What you can do with diet, exercise, and behavior:
Up your workout intensity. The same routine that worked at age 35 may not be enough once you hit your 40s. But you can blast past a weight loss plateau at this age by adding interval training, or bursts of high-intensity moves, to your workout, suggests Northrup.
For example, if you usually walk at a 15-minutes-per-mile pace, add a 30-second interval of speedwalking every 3 minutes. Try circuit training, where you complete one set of 8 to 10 exercises one after another with little or no rest in between. "Unlike regular strength training, this form of exercise keeps your heart rate up throughout your workout, which helps you burn more calories," says Westcott. One easy way to circuit-train is to simply go down the rows of fitness machines in your gym, doing 12 reps of each.
Go for good carbs. Once you hit perimenopause, you're more likely to become insulin resistant. That's because during this time, Aronne says, women often produce more insulin, which causes their fat cells to malfunction, which in turn leads to their bodies producing even more insulin to try to compensate. The result: Your body hoards fat. This sets you up not only for weight retention but also for health problems such as heart disease and diabetes.
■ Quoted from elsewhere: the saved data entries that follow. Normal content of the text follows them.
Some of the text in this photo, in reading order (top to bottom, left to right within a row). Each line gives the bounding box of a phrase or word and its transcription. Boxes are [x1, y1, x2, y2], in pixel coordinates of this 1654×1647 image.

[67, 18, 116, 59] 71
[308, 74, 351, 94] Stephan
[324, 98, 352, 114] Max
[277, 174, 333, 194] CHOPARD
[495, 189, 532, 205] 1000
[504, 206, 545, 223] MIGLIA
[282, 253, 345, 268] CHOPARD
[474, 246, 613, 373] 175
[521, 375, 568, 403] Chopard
One solution: Pay attention to the glycemic index (GI), which measures how quickly a food affects blood sugar levels. A recent study at the University of Massachusetts Medical School found that subjects who followed a low-GI diet weighed about 10 pounds less than those who feasted on higher-GI foods. (To find out what foods are high-GI, check out our glycemic index list). Aim to eat a diet rich in whole grains, nonstarchy veggies, protein, and healthy fats, and avoid refined grains, sugars, and flour. "I recently heard from a perimenopausal patient who was frustrated by the thickening around her middle, even though she eats well and exercises," says Pescatore. "But after we cut out the hidden sources of high-GI foods in her diet like sweetened yogurt, bananas, and fruit juice, she started to lose that weight."
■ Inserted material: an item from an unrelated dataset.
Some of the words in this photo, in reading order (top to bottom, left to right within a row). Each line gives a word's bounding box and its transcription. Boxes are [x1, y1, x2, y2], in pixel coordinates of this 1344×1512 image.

Get your daily moo. Besides helping to maintain bone mass, dairy products may be exactly what you need to crank up your metabolism and lose tummy fat, research suggests. A University of Tennessee study found that women who consumed 3 cups of low-fat yogurt a day lost 61% more body fat (and 81% more abdominal fat) than women who didn't. The magic ingredient is calcium, which appears to serve as a switch that tells your body's cells to burn fat faster, says study author Michael Zemel, PhD, director of the Nutrition Institute at the University of Tennessee. You'll reap the same benefits if you munch on low-fat cheese.
Ultimately, however, one of the most important weapons you need to fight those last 5, 10, or 20 pounds is a positive attitude. Just as your weight set point is changing, you may have to adjust your mental set point, too. "A lot of women beat themselves up because they don't look like they did at age 25—even though they're 45," says Corio. "But there's a difference between being at your ideal weight and a healthy weight; as long as you're at the latter, there's no need to stress about the former." Just ask New Yorker Laura Kaminker, 43, who's come to terms with the fact that she's never going to be able to fit into her "skinny" jeans again.
"One of the healthiest things I did was to get rid of all my old clothes of 15 years ago, because each time I saw them in my closet, I'd just feel bad knowing I couldn't fit into them," she says. "I may not be able to have the body I had 20 years ago, but I can be healthy and accept myself as I am, which is what really matters."